───── Data to process ─────

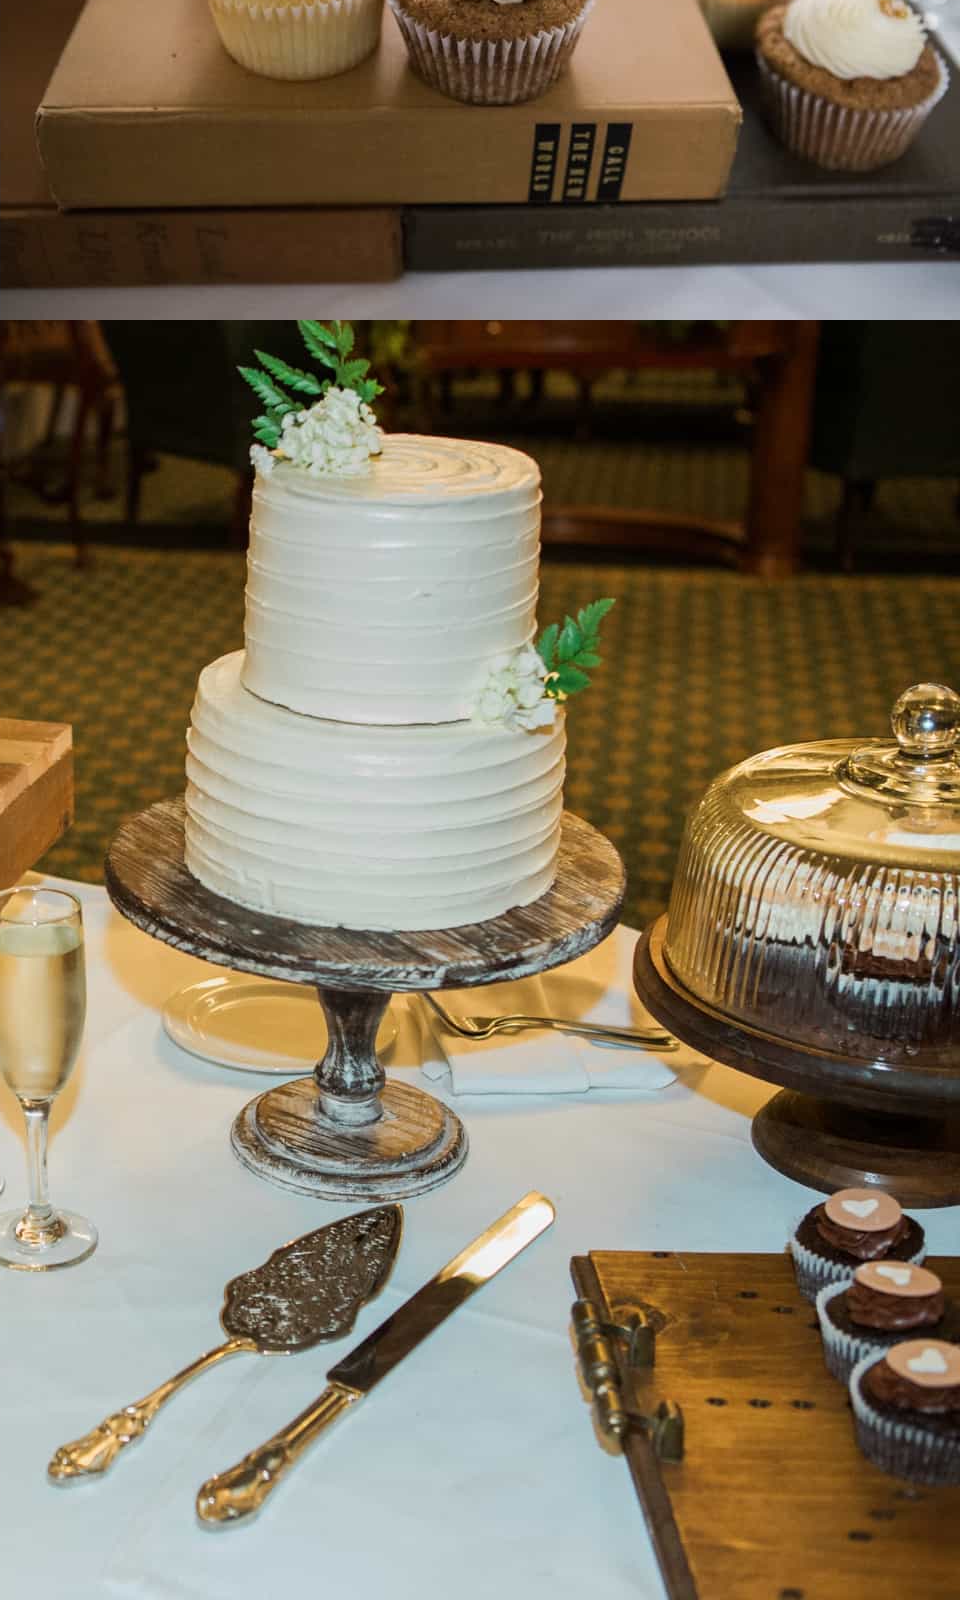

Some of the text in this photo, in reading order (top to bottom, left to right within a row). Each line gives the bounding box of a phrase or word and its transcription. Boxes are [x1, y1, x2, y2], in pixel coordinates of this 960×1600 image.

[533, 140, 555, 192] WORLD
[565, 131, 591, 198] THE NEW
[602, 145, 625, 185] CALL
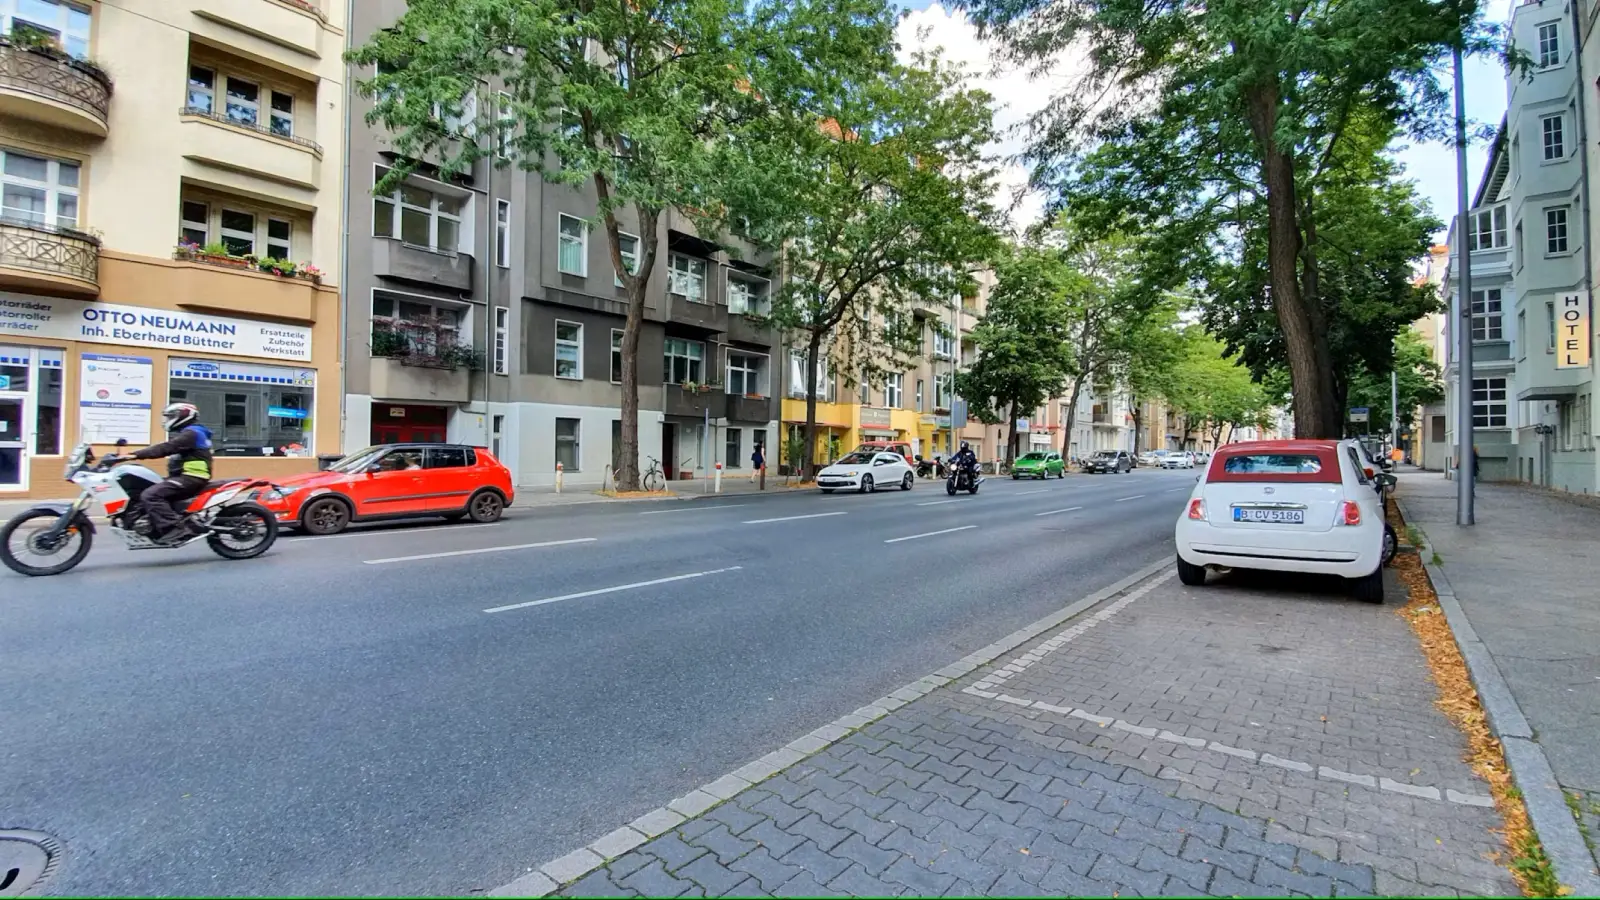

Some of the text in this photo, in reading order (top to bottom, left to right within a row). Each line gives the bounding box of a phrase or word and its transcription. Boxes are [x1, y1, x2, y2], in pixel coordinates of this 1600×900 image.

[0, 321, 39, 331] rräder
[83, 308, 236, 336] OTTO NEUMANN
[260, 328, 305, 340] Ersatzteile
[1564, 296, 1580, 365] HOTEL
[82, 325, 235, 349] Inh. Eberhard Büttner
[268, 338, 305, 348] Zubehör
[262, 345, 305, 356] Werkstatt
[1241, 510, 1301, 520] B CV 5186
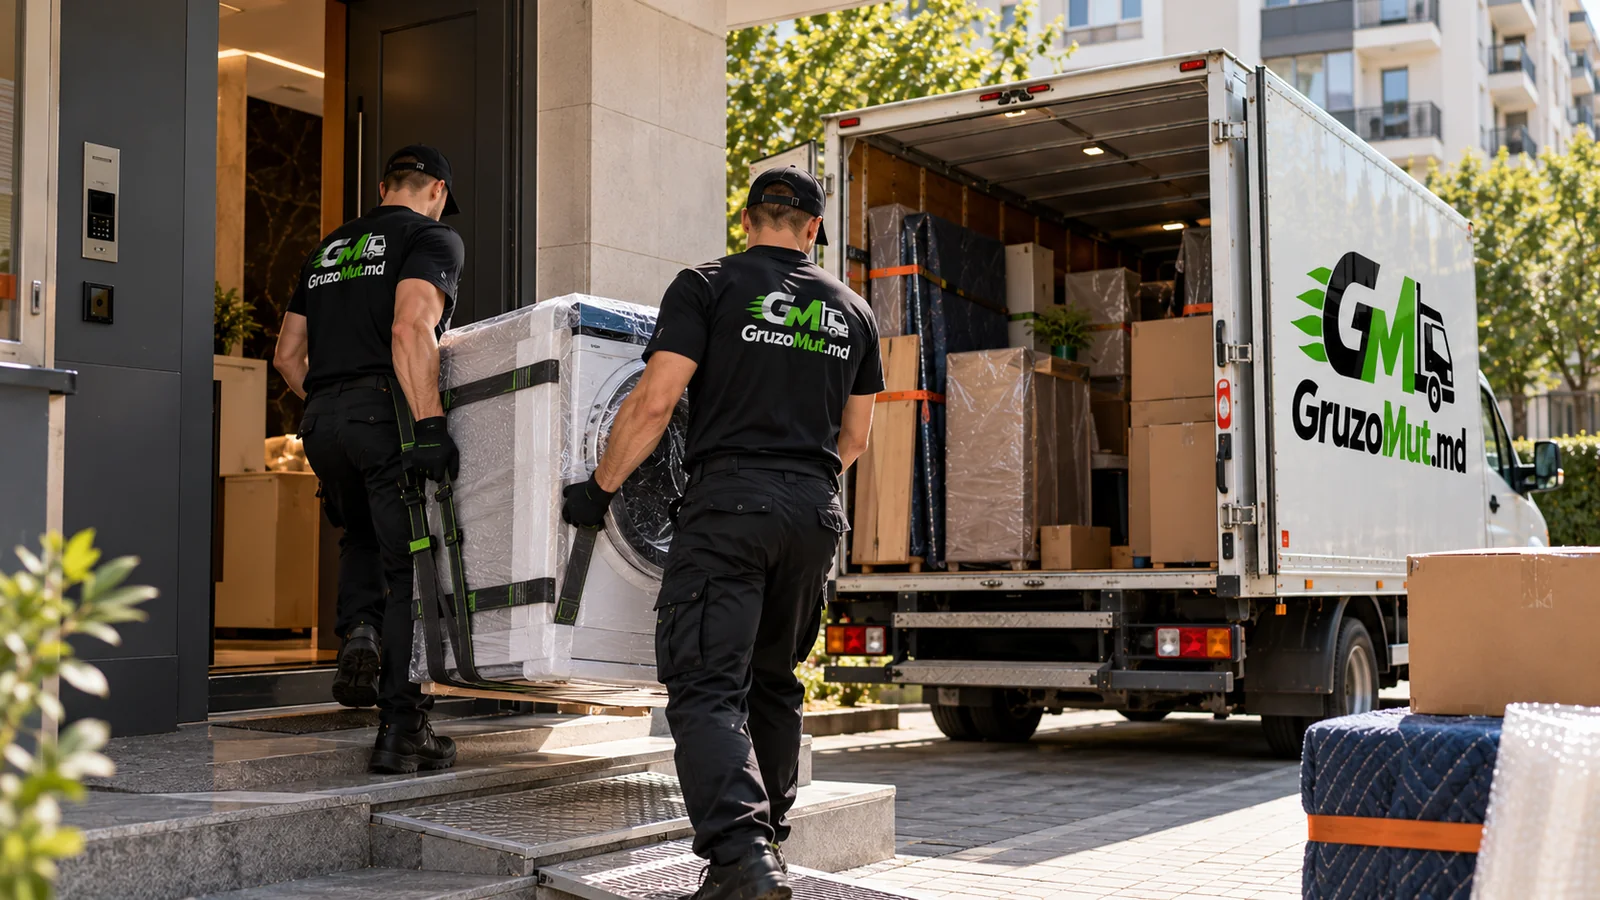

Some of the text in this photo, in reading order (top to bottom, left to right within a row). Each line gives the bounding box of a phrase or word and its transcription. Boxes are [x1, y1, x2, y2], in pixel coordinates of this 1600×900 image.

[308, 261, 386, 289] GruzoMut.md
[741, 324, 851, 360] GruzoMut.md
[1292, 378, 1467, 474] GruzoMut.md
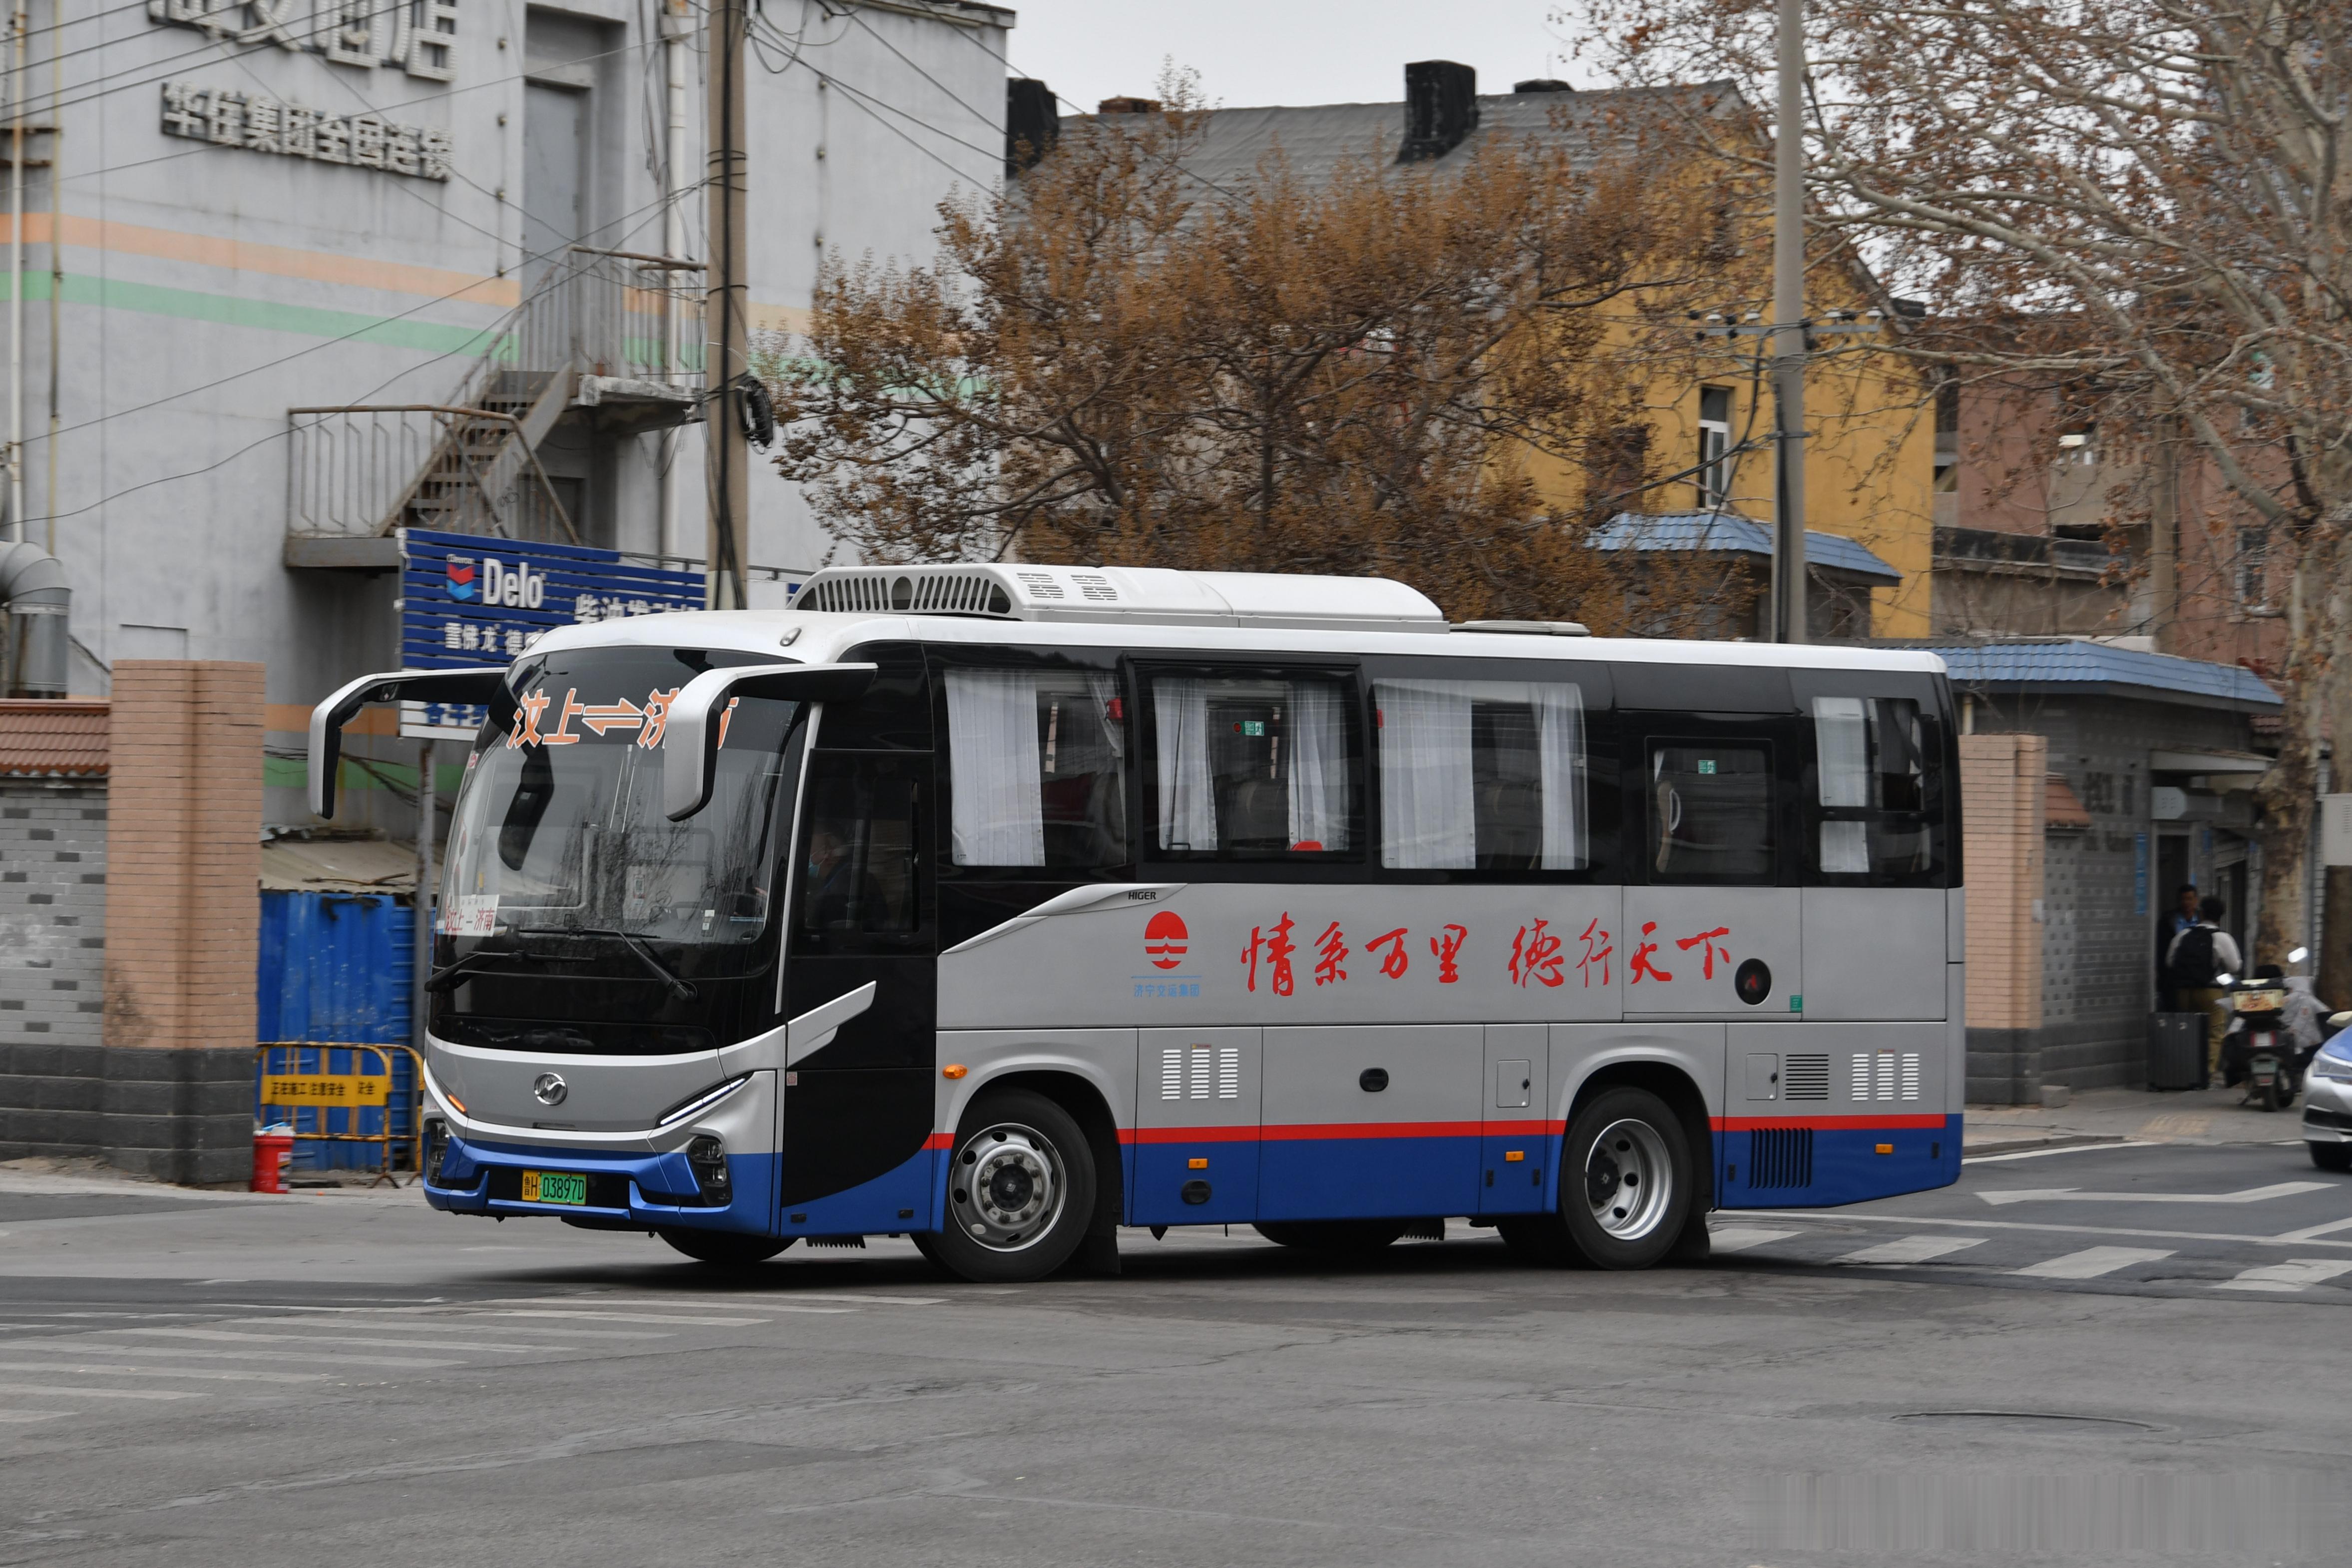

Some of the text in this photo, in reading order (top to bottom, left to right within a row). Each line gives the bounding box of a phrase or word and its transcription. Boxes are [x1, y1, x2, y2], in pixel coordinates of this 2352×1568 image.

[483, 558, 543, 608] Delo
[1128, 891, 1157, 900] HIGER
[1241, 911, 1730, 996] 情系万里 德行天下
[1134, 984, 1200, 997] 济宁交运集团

─────

→ Your task: Each line above has to be returned exactly. Drop the pictures.

→ Solution to this problem:
Some of the text in this photo, in reading order (top to bottom, left to right within a row). Each line gives the bounding box of a phrase or word and its transcription. Boxes are [x1, y1, x2, y2], in pixel coordinates of this 960×1600 image.

[533, 140, 555, 192] WORLD
[565, 131, 591, 198] THE NEW
[602, 145, 625, 185] CALL

Some of the text in this photo, in reading order (top to bottom, left to right within a row). Each line gives the bounding box of a phrase or word and its transcription. Boxes are [x1, y1, x2, y2], in pixel coordinates of this 1600×900 image.

[0, 321, 39, 331] rräder
[83, 308, 236, 336] OTTO NEUMANN
[260, 328, 305, 340] Ersatzteile
[1564, 296, 1580, 365] HOTEL
[82, 325, 235, 349] Inh. Eberhard Büttner
[268, 338, 305, 348] Zubehör
[262, 345, 305, 356] Werkstatt
[1241, 510, 1301, 520] B CV 5186

Some of the text in this photo, in reading order (top to bottom, left to right within a row). Each line gives the bounding box of a phrase or word and its transcription. Boxes are [x1, y1, x2, y2], in pixel coordinates of this 1600×900 image.

[308, 261, 386, 289] GruzoMut.md
[741, 324, 851, 360] GruzoMut.md
[1292, 378, 1467, 474] GruzoMut.md

Some of the text in this photo, in reading order (top to bottom, left to right within a row). Each line gives the bounding box of a phrase or word and its transcription. Boxes are [x1, y1, x2, y2], in pixel coordinates of this 2352×1568 image.

[483, 558, 543, 608] Delo
[1128, 891, 1157, 900] HIGER
[1241, 911, 1730, 996] 情系万里 德行天下
[1134, 984, 1200, 997] 济宁交运集团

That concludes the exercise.